"Scare Eye" by Postcommodity
photo: Jason Grubb
This banner project for Winnipeg Cultural Capital of Canada 2010 Program comprises a large-scale exhibition focused on presenting Aboriginal Art from around the world. This will be an incredibly important show, featuring the work of a number of renowned Canadian Aboriginal artists, complemented by some of the most innovative and engaging work drawn from Aboriginal populations around the world.
Meet the members of the remarkable curatorial collective that is developing Close Encounters.
In addition to the main exhibition site at 109 Pacific Ave, many galleries around Winnipeg are partnering with Close Encounters and programming complimentary shows.

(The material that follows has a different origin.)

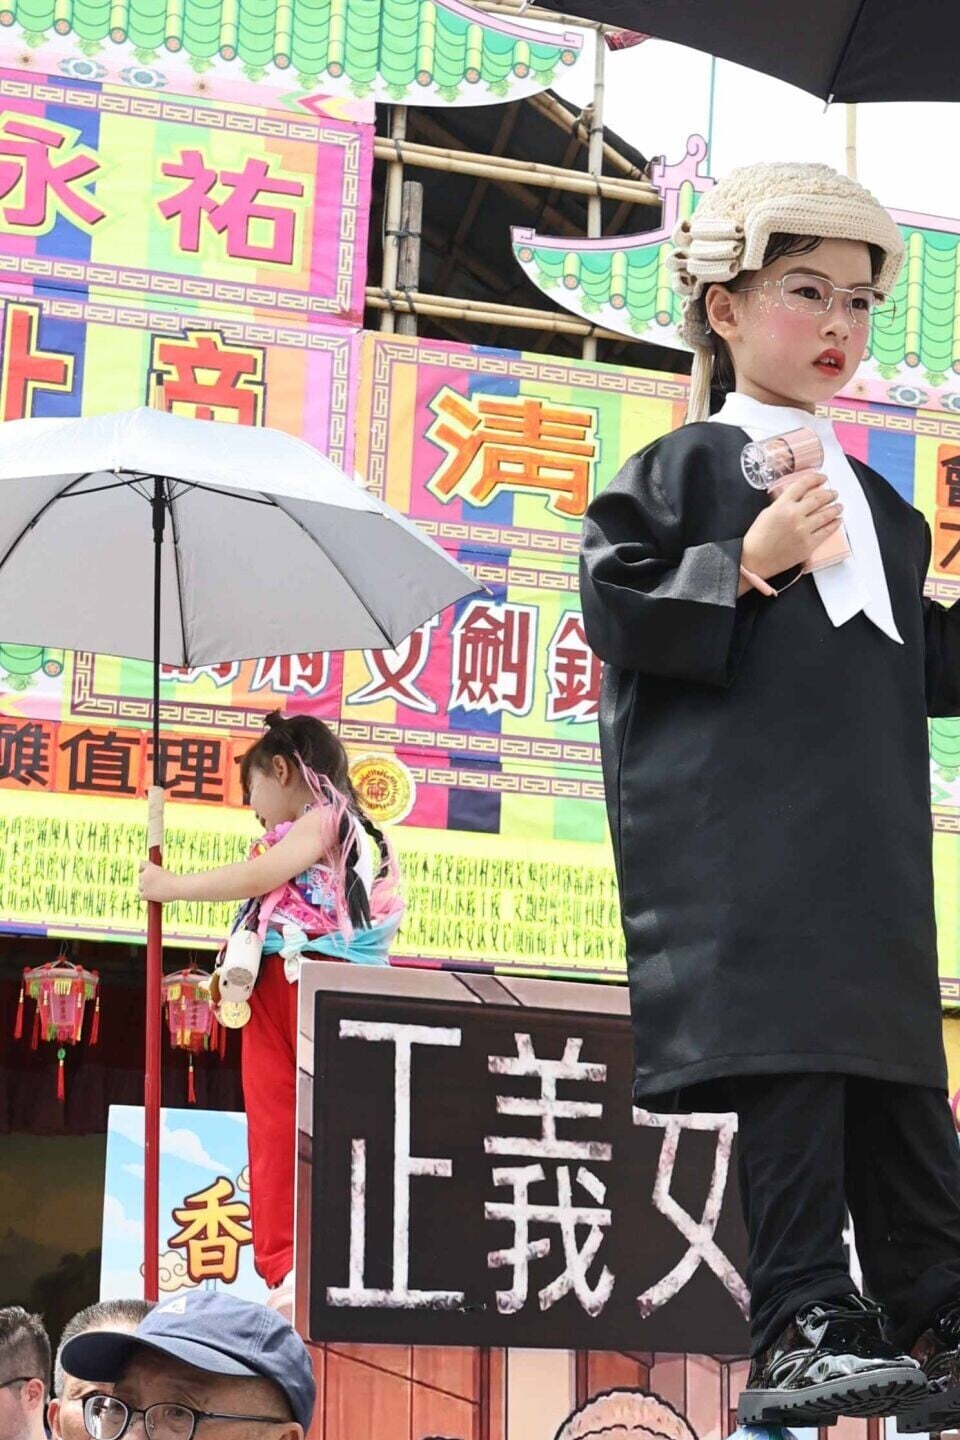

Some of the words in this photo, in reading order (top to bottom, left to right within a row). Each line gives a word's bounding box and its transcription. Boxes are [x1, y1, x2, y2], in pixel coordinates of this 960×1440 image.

[430, 384, 598, 515] 清
[0, 721, 250, 806] 醮值理
[169, 1177, 253, 1284] 香

Find out more about our partners.
About the exhibition:
The world is changing. Now is the moment to reconfigure our notions of time to reveal alternative ways of thinking and being for the future. In Close Encounters: The Next 500 Years Indigenous artists imagine the future within the context of present experiences and past histories. By radically reconsidering encounter narratives between native and non-native people, Indigenous prophecies, possible utopias and apocalypses, this exhibition proposes intriguing possibilities for the next 500 years. “We all in different measure have carved out the future,” observes Hopi photographer and filmmaker, Victor Masayesva, in his book Husk of Time. “We are all clairvoyants, soothsayers, prophets, knowingly assuming our predictions.”
Close Encounters brings together over 30 Indigenous artists from across Canada, the United States, South America, Europe, Australia and New Zealand, including newly commissioned work from Rebecca Belmore, Faye HeavyShield, Kent Monkman, and Edward Poitras. Jimmie Durham’s long-term sculptural work A Pole to Mark the Centre of the World at Winnipeg will be an ongoing critique of widely held ideas surrounding space and location, while James Luna's poignant installation The Spirits of Virtue and Evil Await my Ascension, addresses issues of ritual and the passing of time. Close Encounters showcases artists and artworks that collectively invent provocative futures from a diversity of perspectives and practices.
With its myriad histories, trajectories, tensions, collisions, and self-image(s), the city of Winnipeg offers an intriguing juxtaposition for these artistic mediations. Close Encounters: The Next 500 Years presents international Indigenous perspectives in a city that in many ways also epitomizes the future of Aboriginal people in Canada. Works in multiple venues throughout the city will serve as catalysts to invent different ways of thinking, acting, and being in the world of our shared future. At this pivotal moment in time, Close Encounters invites engagement with the speculative, the prophetic, and the unknown.